▶ _Exercise prompt_
Give back each entry unchanged, minus pictures.

Collected data
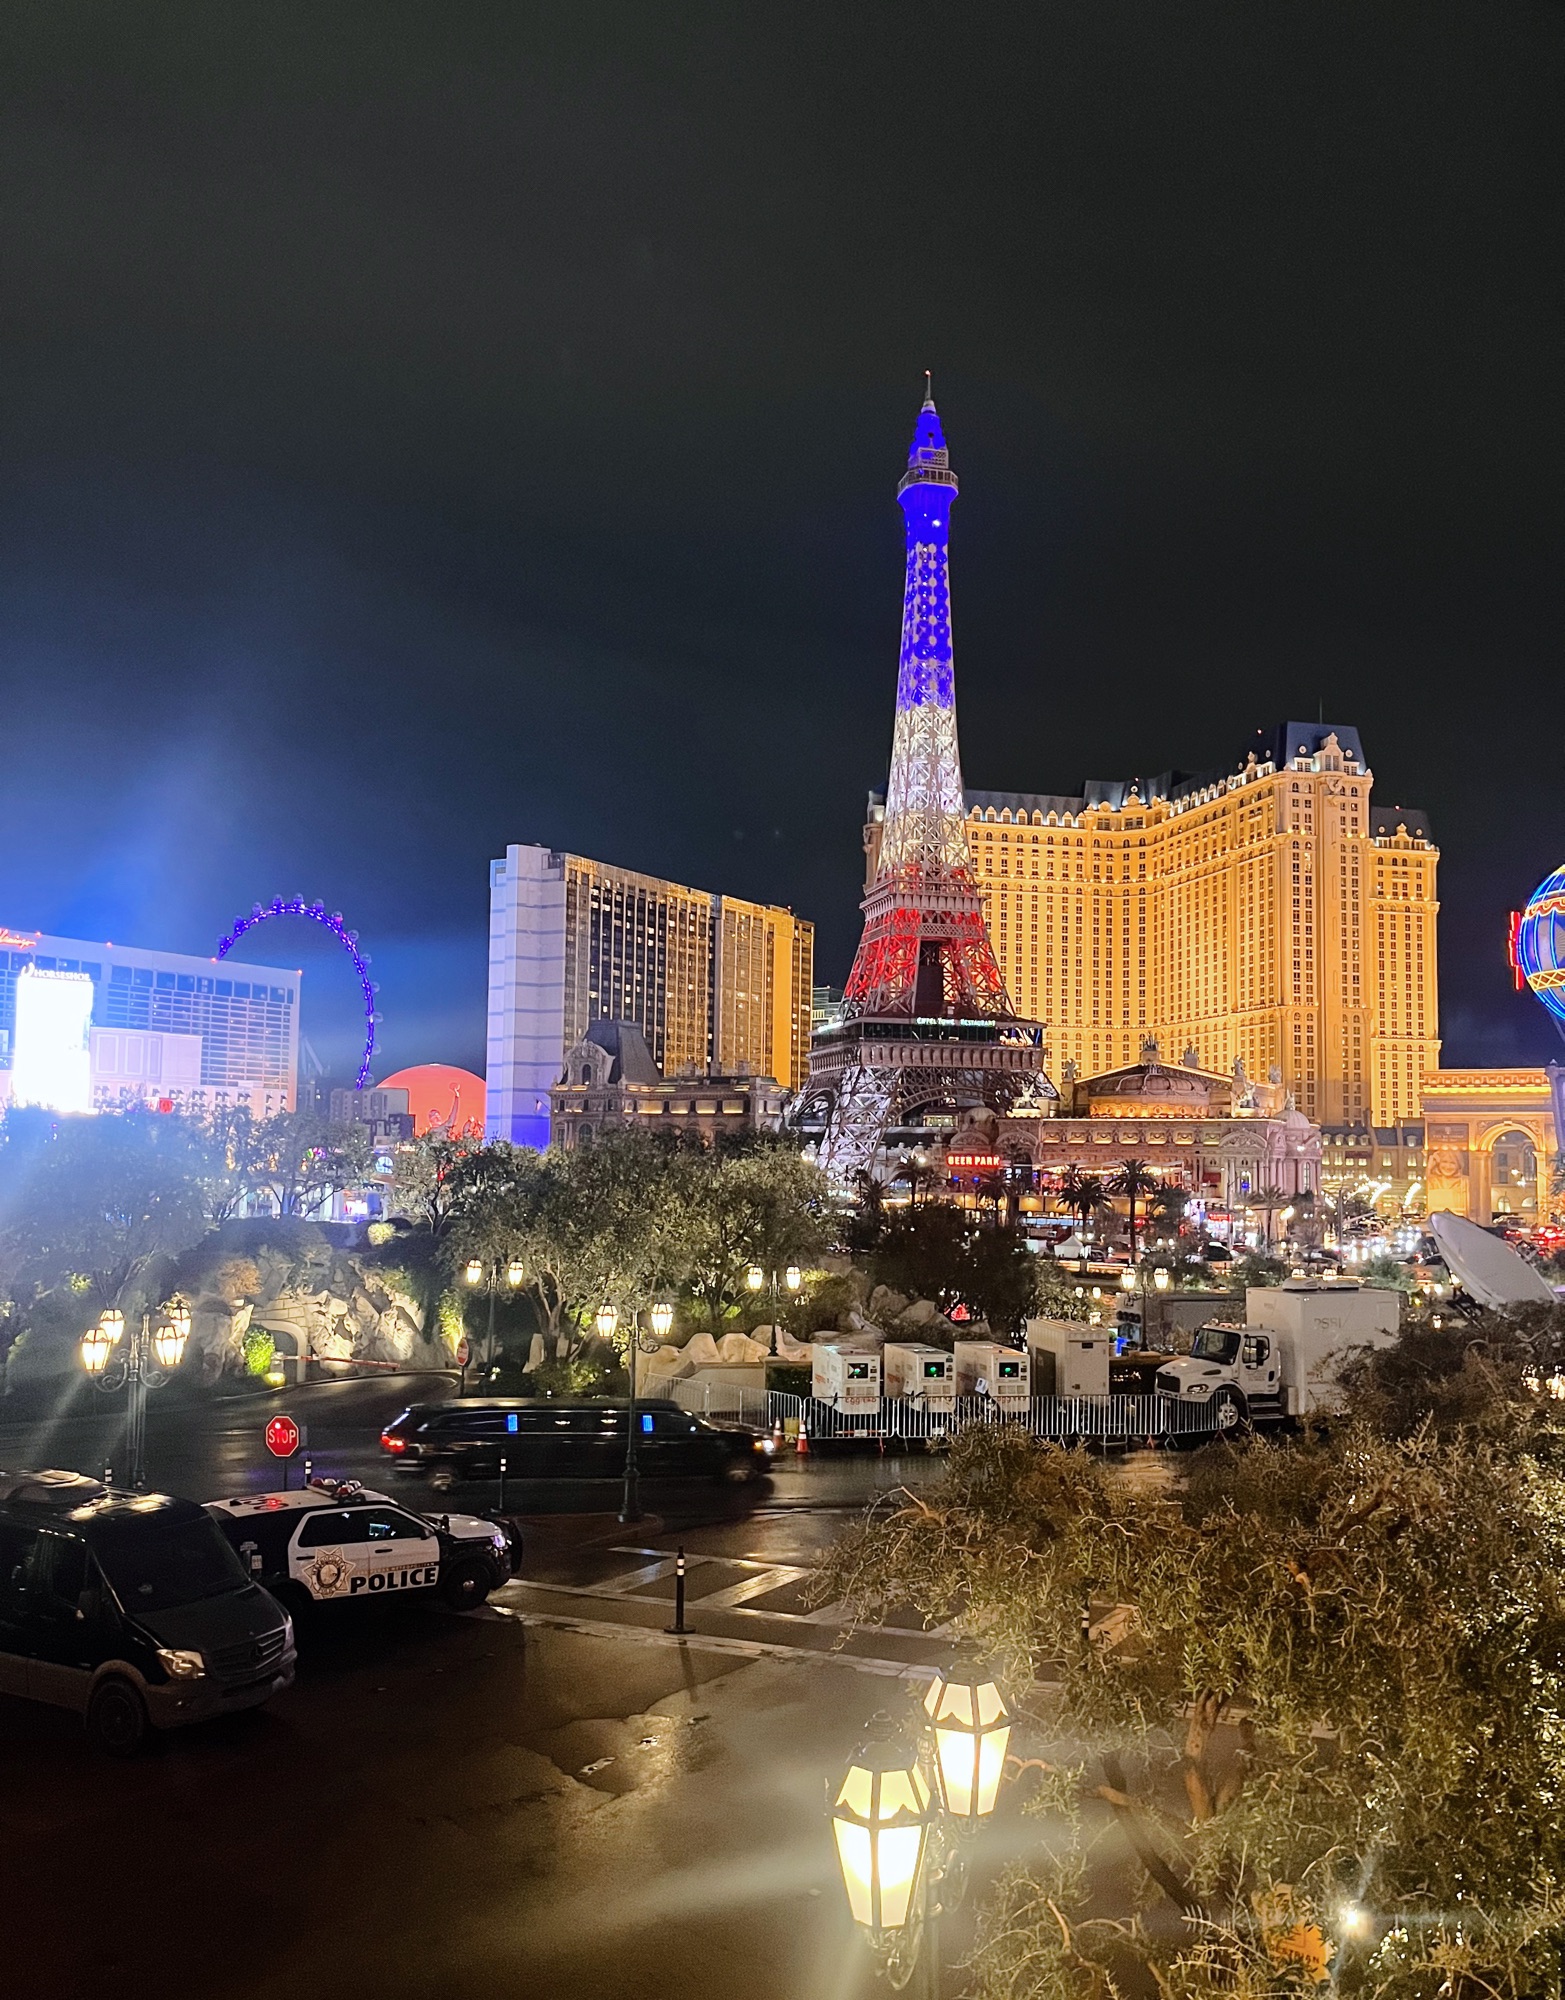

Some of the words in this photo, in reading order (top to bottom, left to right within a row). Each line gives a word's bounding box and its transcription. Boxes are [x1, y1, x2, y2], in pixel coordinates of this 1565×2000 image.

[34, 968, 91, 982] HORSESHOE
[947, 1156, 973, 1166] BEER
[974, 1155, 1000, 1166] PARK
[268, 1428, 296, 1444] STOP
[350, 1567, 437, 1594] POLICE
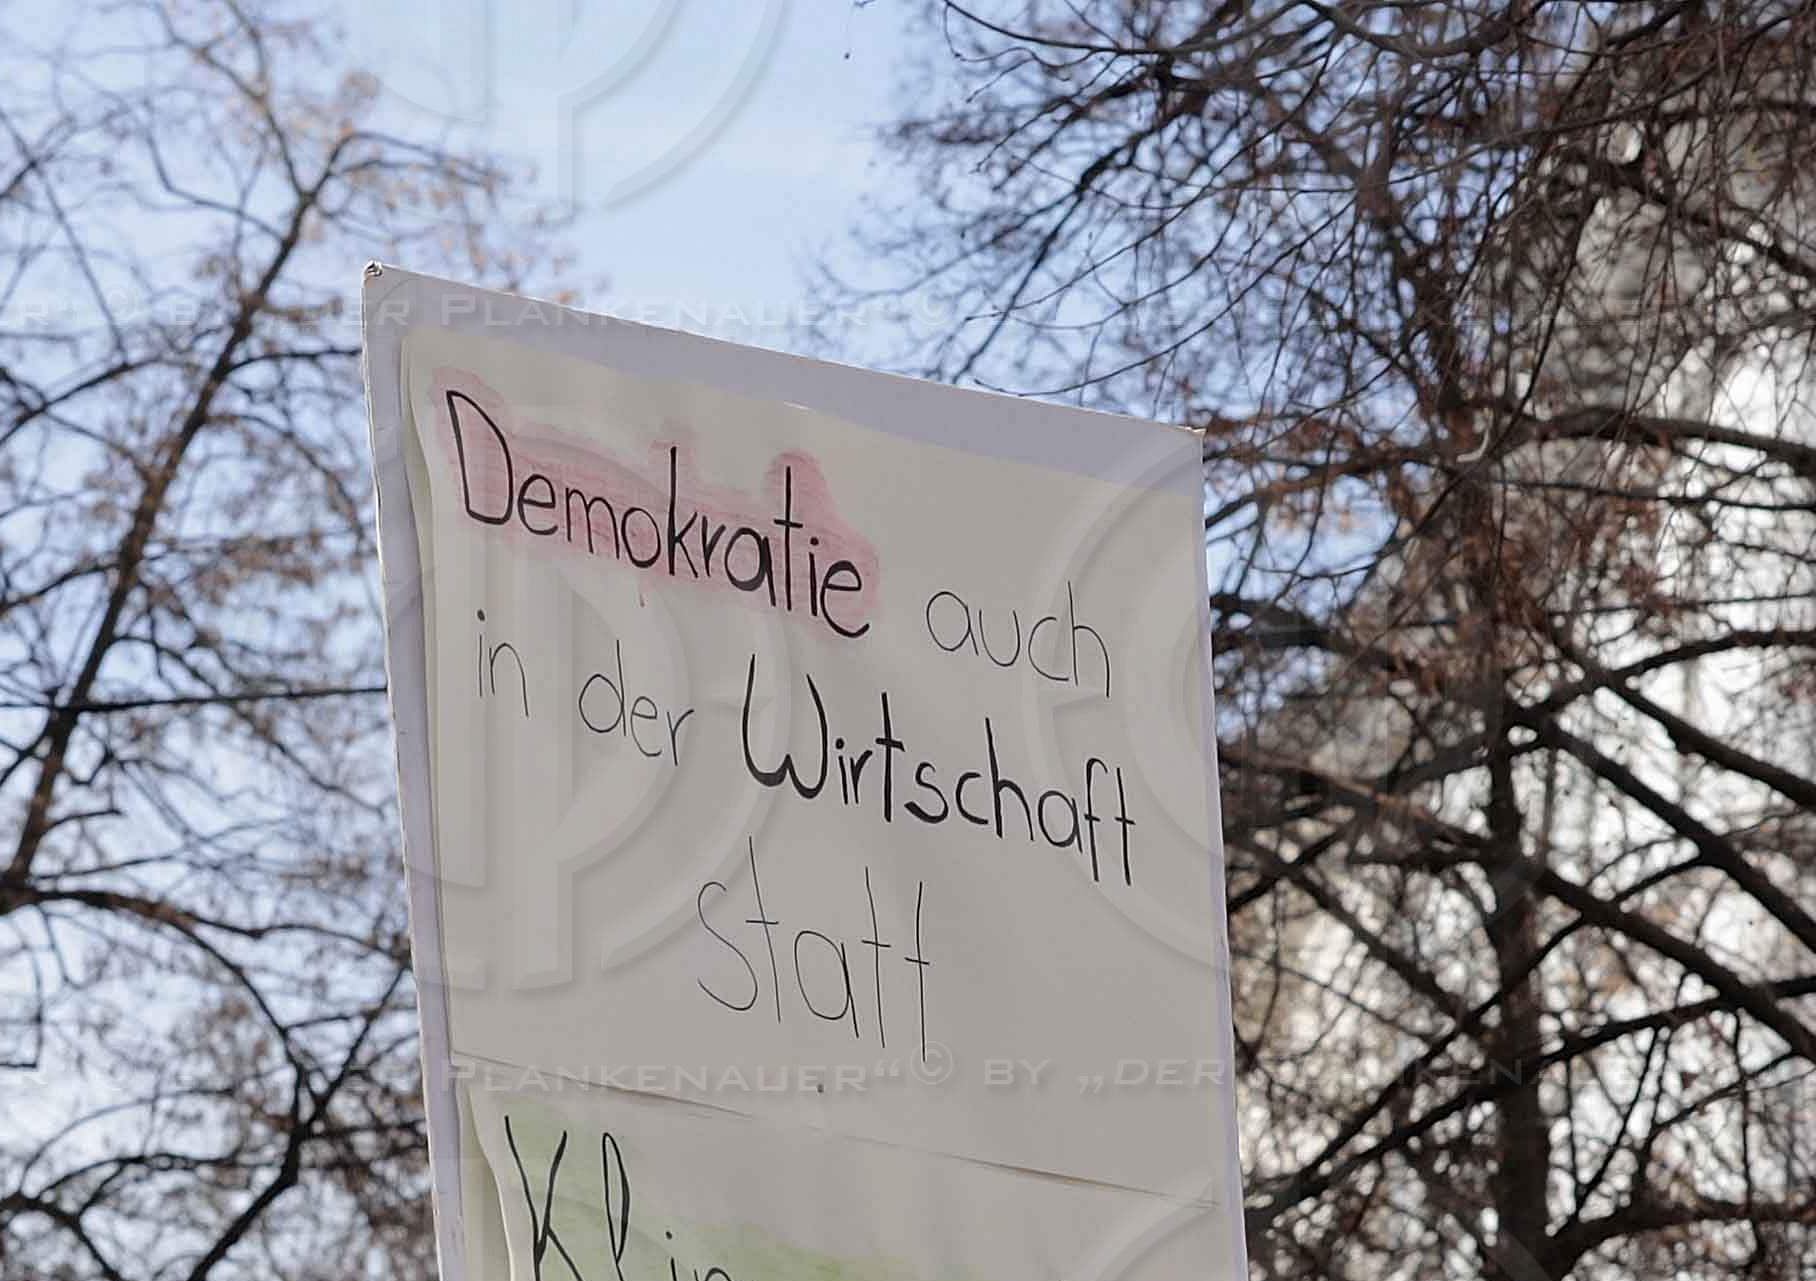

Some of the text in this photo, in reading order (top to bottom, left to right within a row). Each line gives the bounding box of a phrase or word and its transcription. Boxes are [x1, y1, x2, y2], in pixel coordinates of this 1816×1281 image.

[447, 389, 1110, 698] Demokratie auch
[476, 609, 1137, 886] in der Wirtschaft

▶ _Finished exercise_
Some of the words in this photo, in reading order (top to bottom, left to right within a row). Each line gives a word's bounding box and its transcription. Boxes are [x1, y1, x2, y2], in pixel coordinates of this 1565×2000 image.

[34, 968, 91, 982] HORSESHOE
[947, 1156, 973, 1166] BEER
[974, 1155, 1000, 1166] PARK
[268, 1428, 296, 1444] STOP
[350, 1567, 437, 1594] POLICE

Some of the text in this photo, in reading order (top to bottom, left to right within a row). Each line gives the bounding box of a phrase or word and its transcription. Boxes are [x1, y1, x2, y2], in pixel coordinates of this 1816×1281 image.

[447, 389, 1110, 698] Demokratie auch
[476, 609, 1137, 886] in der Wirtschaft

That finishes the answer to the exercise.